TASK TO CARRY OUT
Images are not part of the copy; write out the rest of the data exactly as given.

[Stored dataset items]
--- START ---

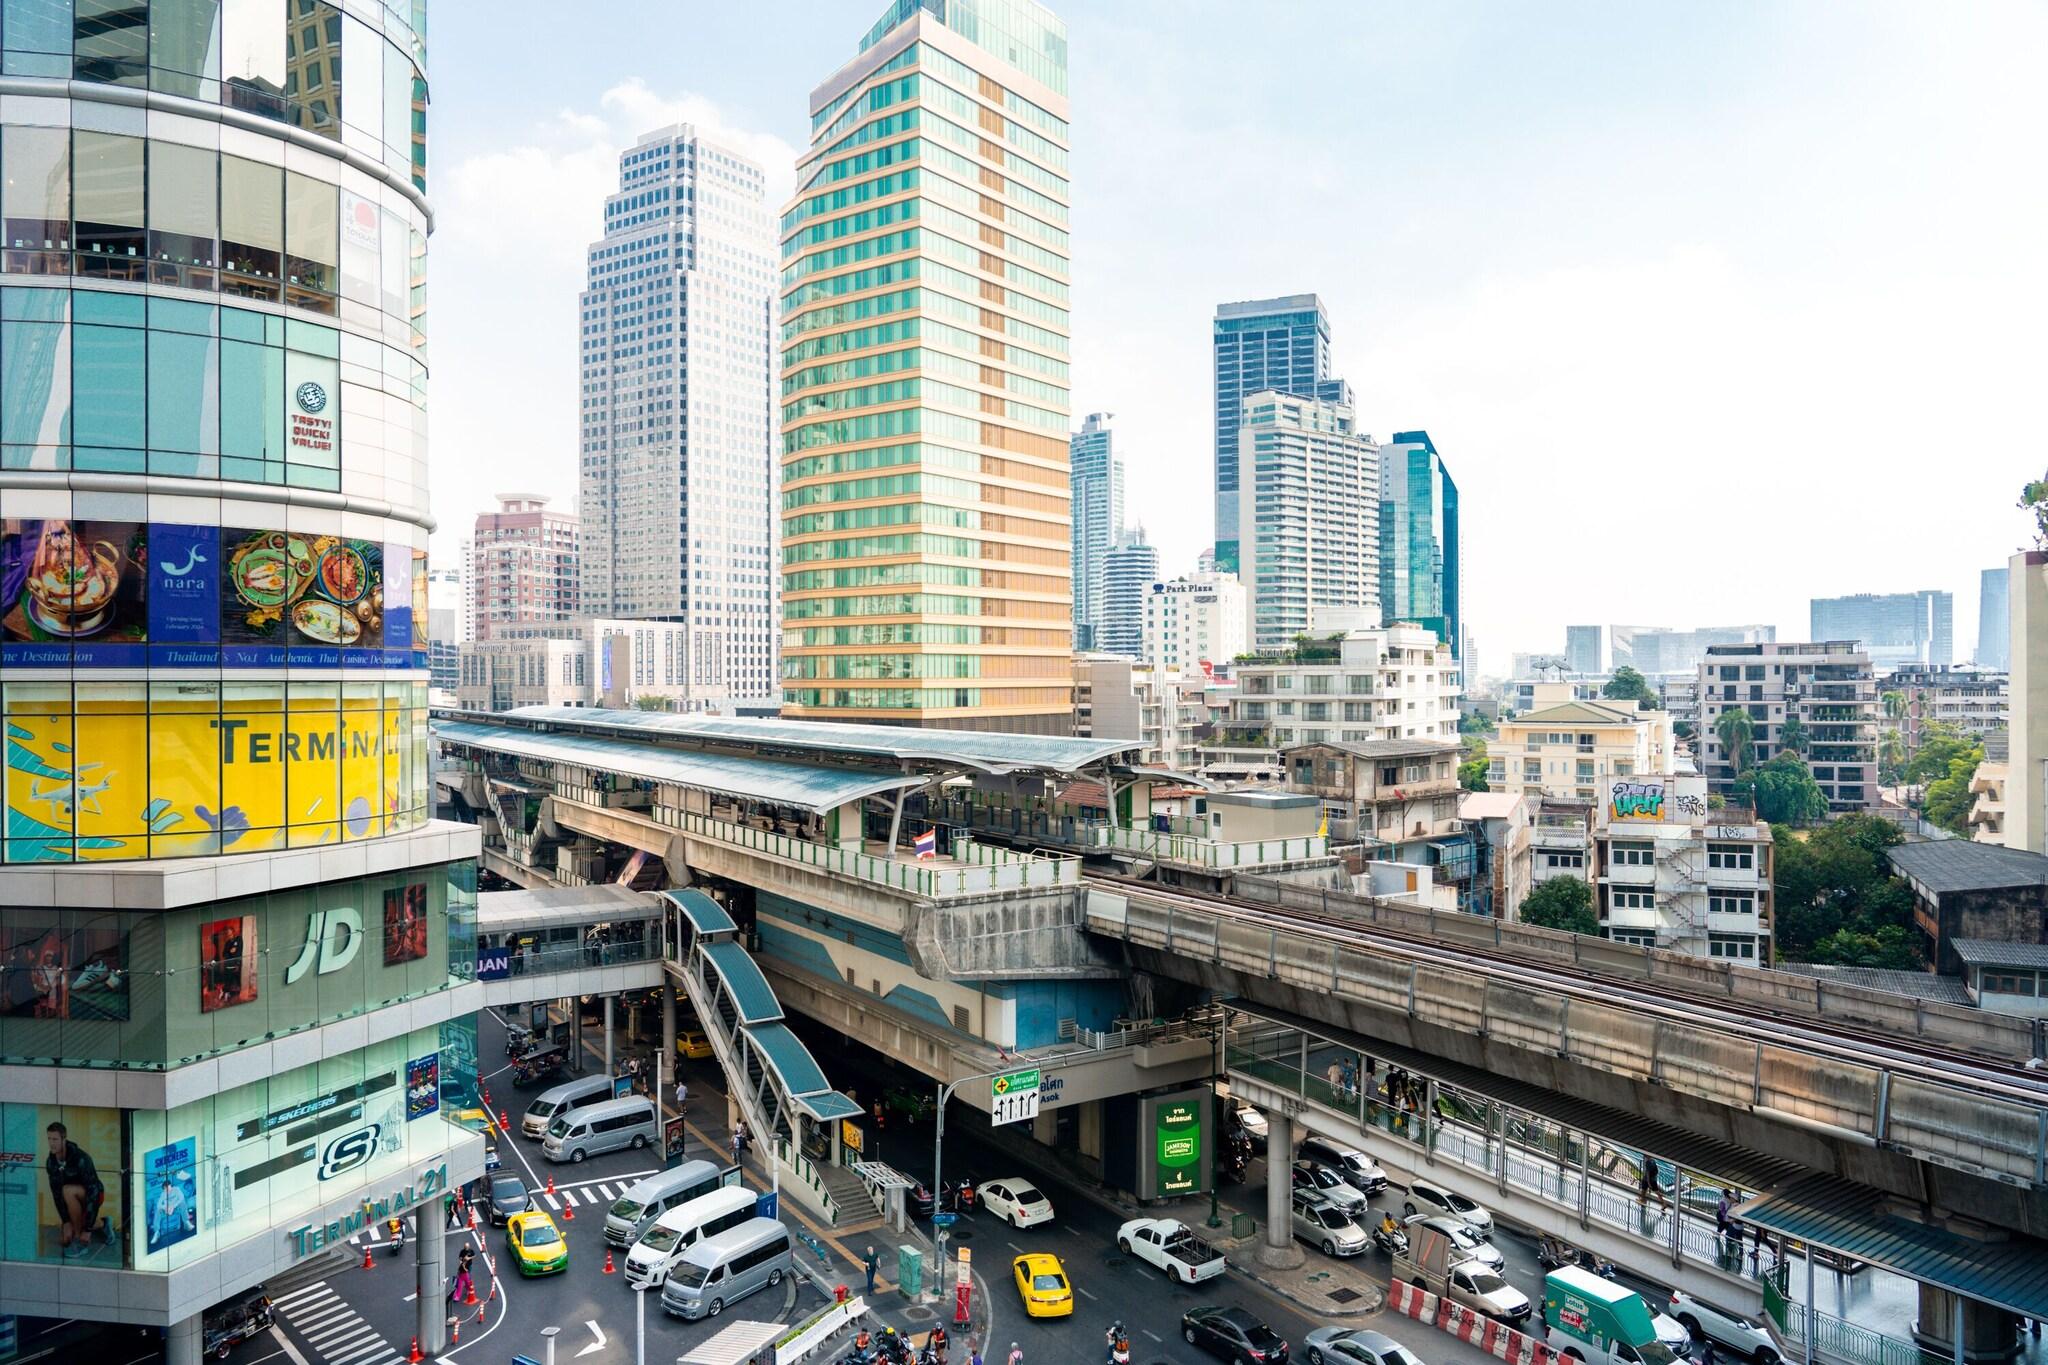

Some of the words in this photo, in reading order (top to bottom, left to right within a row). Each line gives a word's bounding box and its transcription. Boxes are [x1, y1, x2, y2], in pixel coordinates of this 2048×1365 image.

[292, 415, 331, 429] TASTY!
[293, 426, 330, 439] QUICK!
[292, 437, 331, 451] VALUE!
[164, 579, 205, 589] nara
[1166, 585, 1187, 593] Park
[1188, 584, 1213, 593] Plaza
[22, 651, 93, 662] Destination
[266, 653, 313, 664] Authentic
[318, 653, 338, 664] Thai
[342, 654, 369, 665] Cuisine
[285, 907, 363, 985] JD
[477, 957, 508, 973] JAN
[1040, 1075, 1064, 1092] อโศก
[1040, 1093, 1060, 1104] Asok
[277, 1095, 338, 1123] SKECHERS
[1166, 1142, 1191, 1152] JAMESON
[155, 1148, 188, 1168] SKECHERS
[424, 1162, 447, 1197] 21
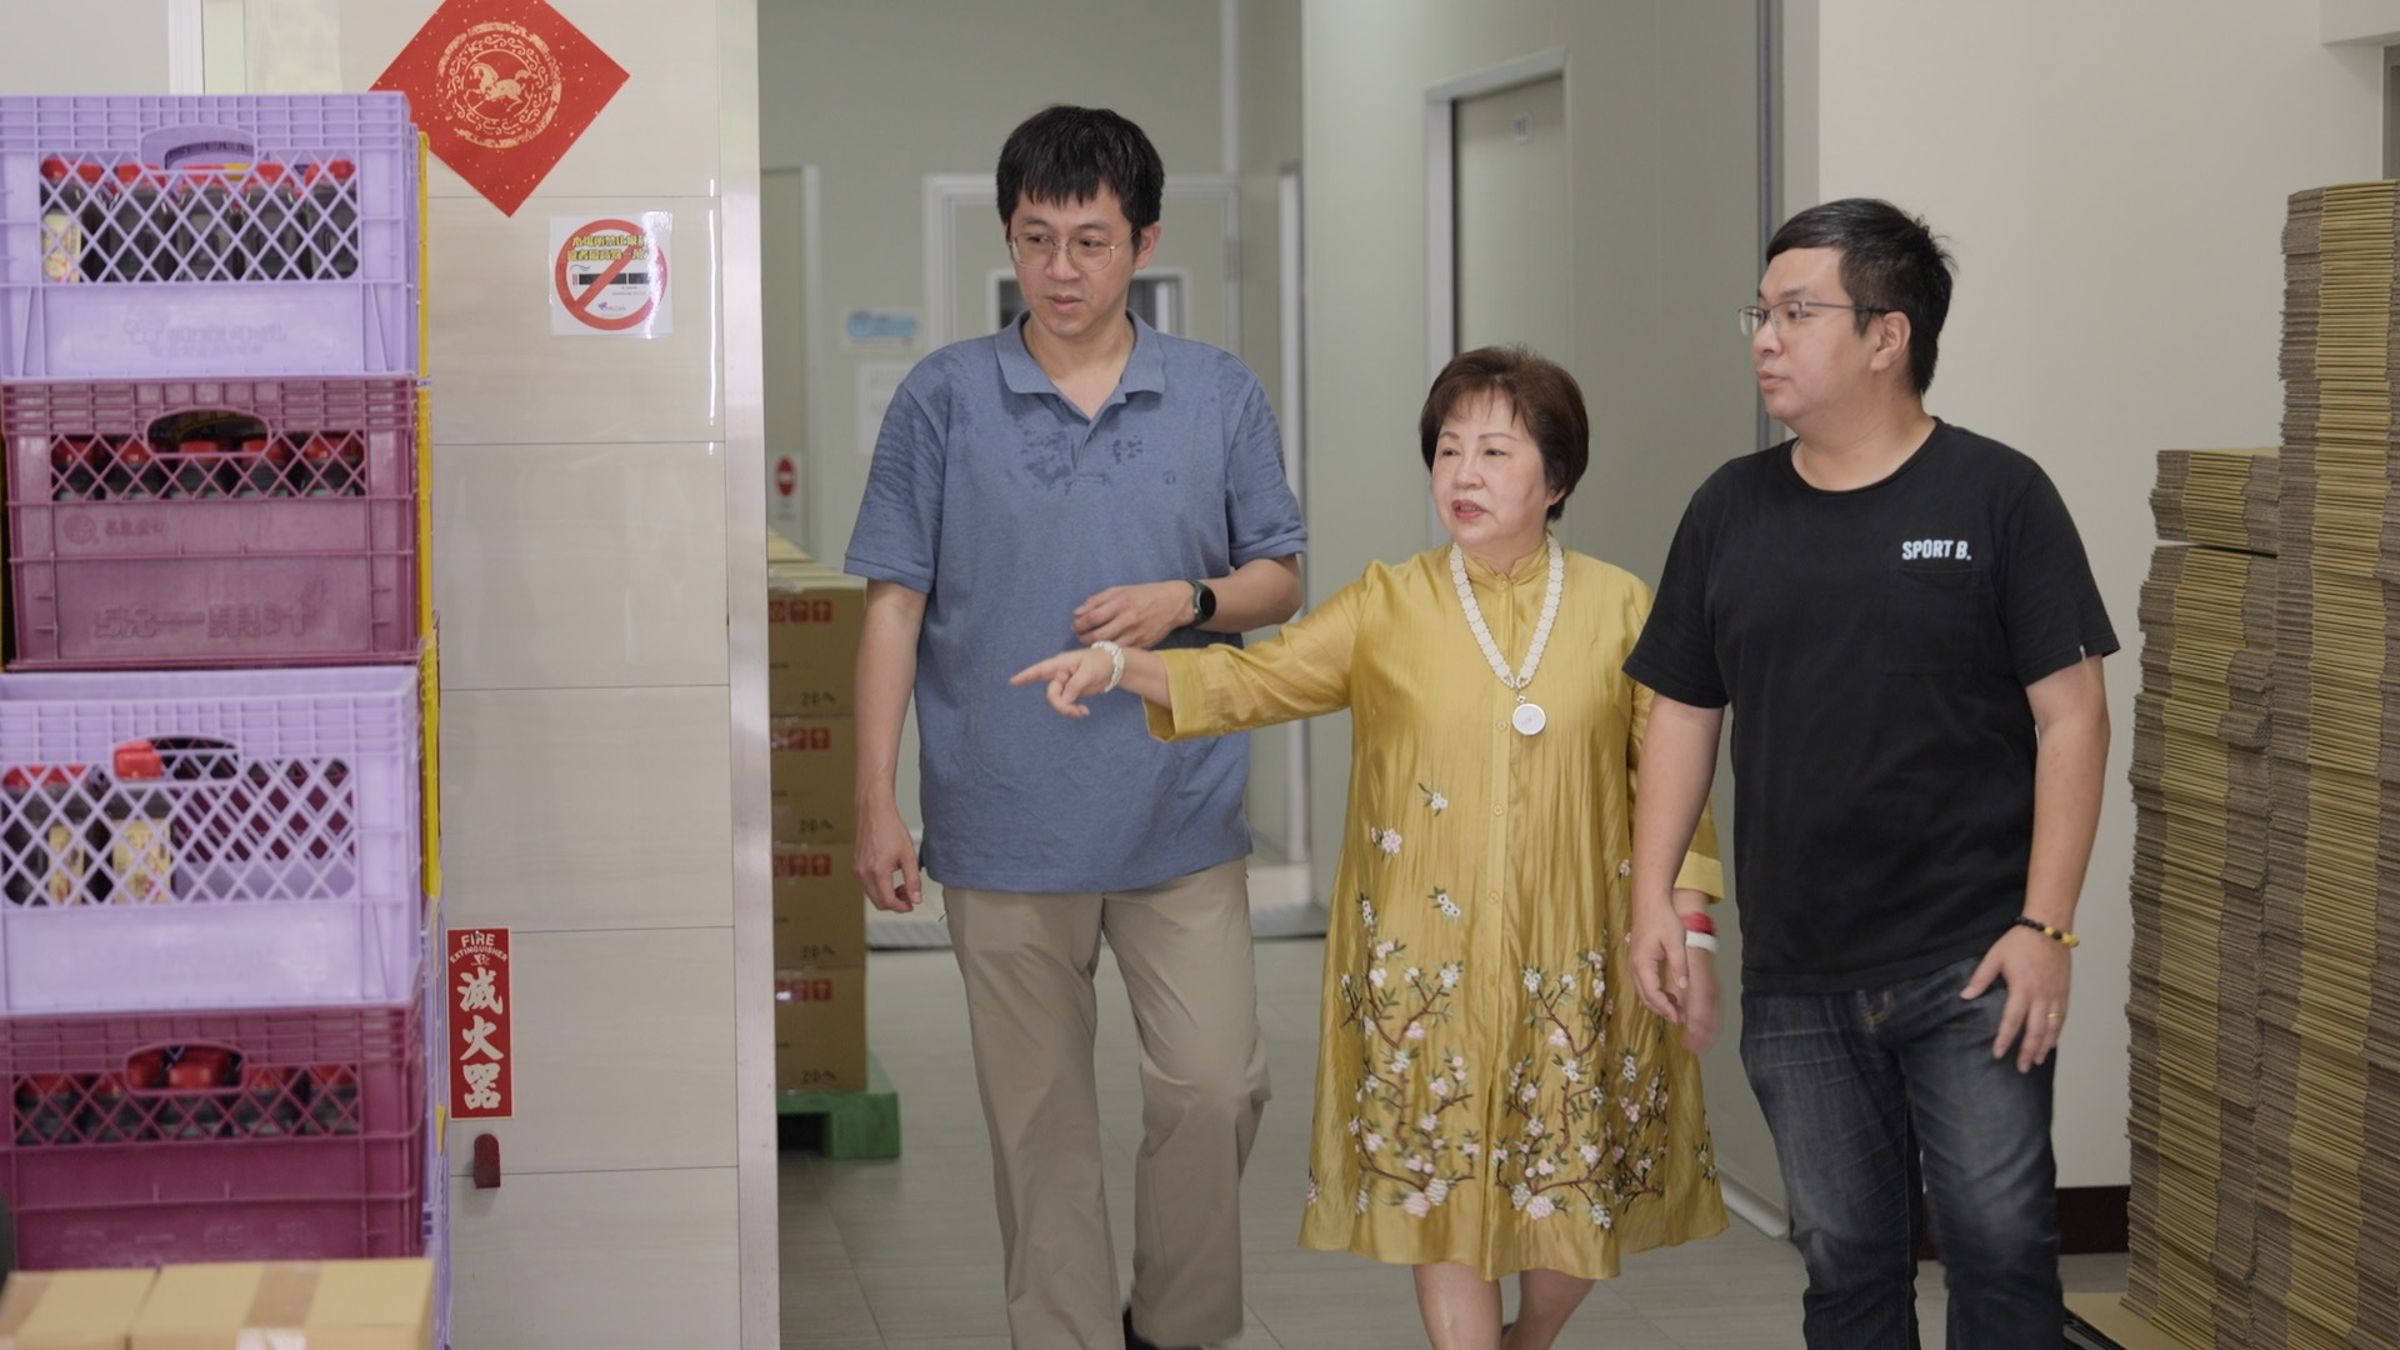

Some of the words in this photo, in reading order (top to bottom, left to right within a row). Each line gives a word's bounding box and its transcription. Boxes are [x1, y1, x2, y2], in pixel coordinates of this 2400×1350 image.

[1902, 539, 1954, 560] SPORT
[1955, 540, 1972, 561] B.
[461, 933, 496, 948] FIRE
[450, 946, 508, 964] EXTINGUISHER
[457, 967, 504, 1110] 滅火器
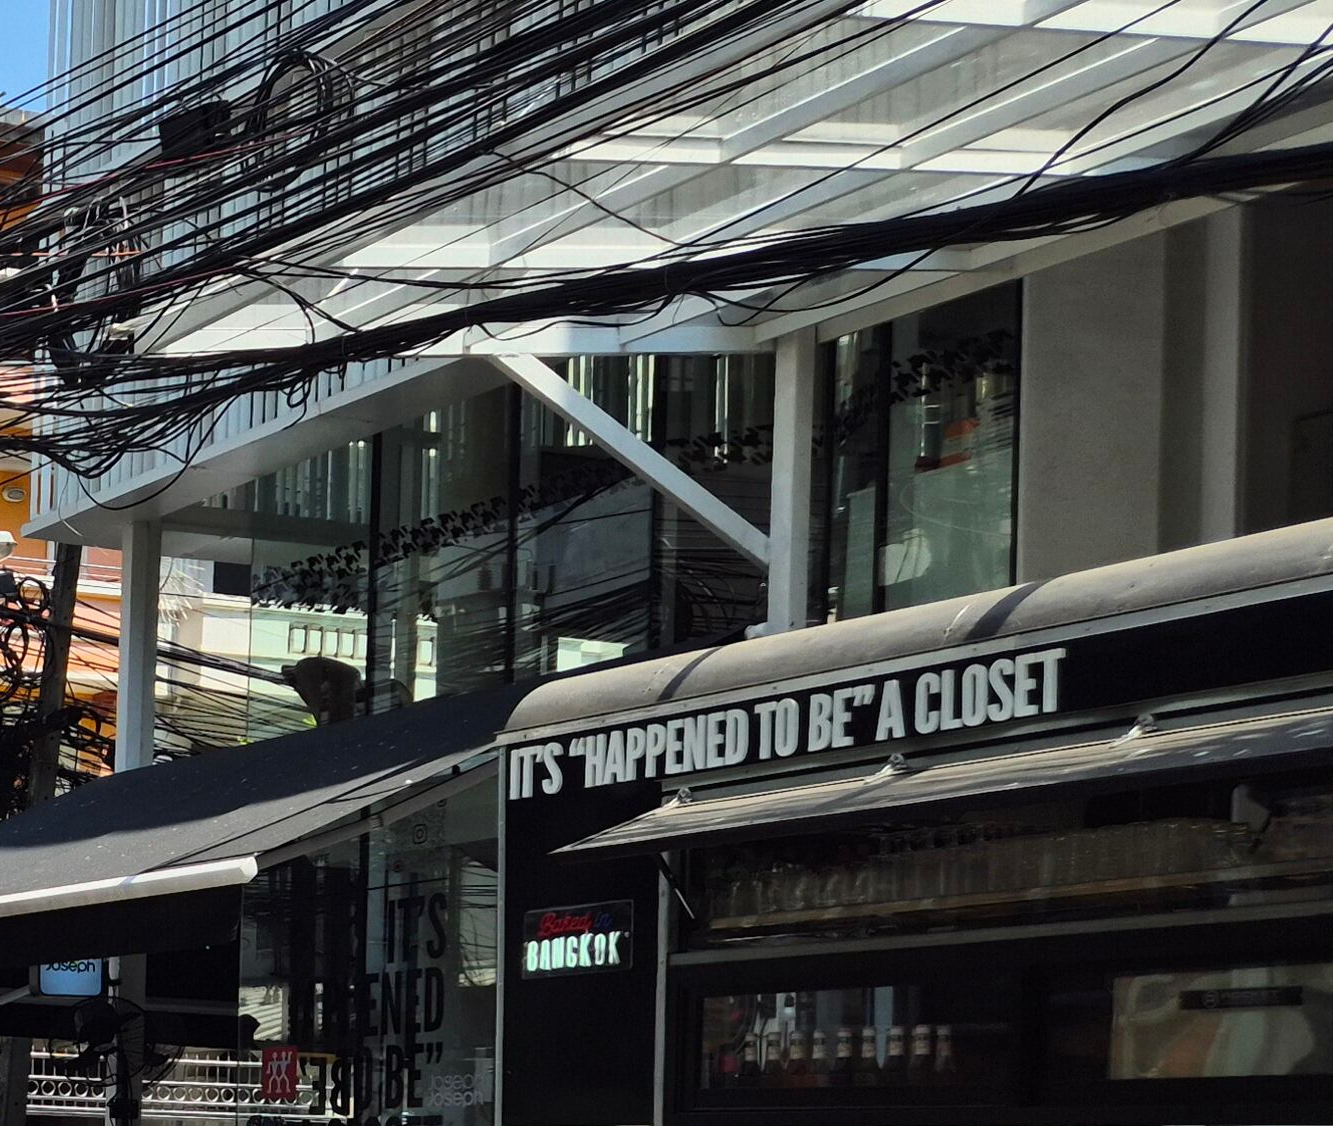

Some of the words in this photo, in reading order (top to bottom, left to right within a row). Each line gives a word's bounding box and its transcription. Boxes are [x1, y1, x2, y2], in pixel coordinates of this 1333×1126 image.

--- END ---

ANSWER TO THE PROBLEM
Some of the words in this photo, in reading order (top to bottom, left to right within a row). Each line gives a word's bounding box and its transcription. Boxes are [x1, y1, x2, y2], in pixel coordinates of this 2048×1365 image.

[292, 415, 331, 429] TASTY!
[293, 426, 330, 439] QUICK!
[292, 437, 331, 451] VALUE!
[164, 579, 205, 589] nara
[1166, 585, 1187, 593] Park
[1188, 584, 1213, 593] Plaza
[22, 651, 93, 662] Destination
[266, 653, 313, 664] Authentic
[318, 653, 338, 664] Thai
[342, 654, 369, 665] Cuisine
[285, 907, 363, 985] JD
[477, 957, 508, 973] JAN
[1040, 1075, 1064, 1092] อโศก
[1040, 1093, 1060, 1104] Asok
[277, 1095, 338, 1123] SKECHERS
[1166, 1142, 1191, 1152] JAMESON
[155, 1148, 188, 1168] SKECHERS
[424, 1162, 447, 1197] 21

Some of the words in this photo, in reading order (top to bottom, left to right within a row). Each line gives a word's bounding box and its transcription. Boxes are [x1, y1, x2, y2], in pixel coordinates of this 2400×1350 image.

[1902, 539, 1954, 560] SPORT
[1955, 540, 1972, 561] B.
[461, 933, 496, 948] FIRE
[450, 946, 508, 964] EXTINGUISHER
[457, 967, 504, 1110] 滅火器

Some of the words in this photo, in reading order (top to bottom, left to right within a row). Each line gives a word's bounding box and its transcription. Boxes are [x1, y1, x2, y2], in pixel coordinates of this 1333×1126 image.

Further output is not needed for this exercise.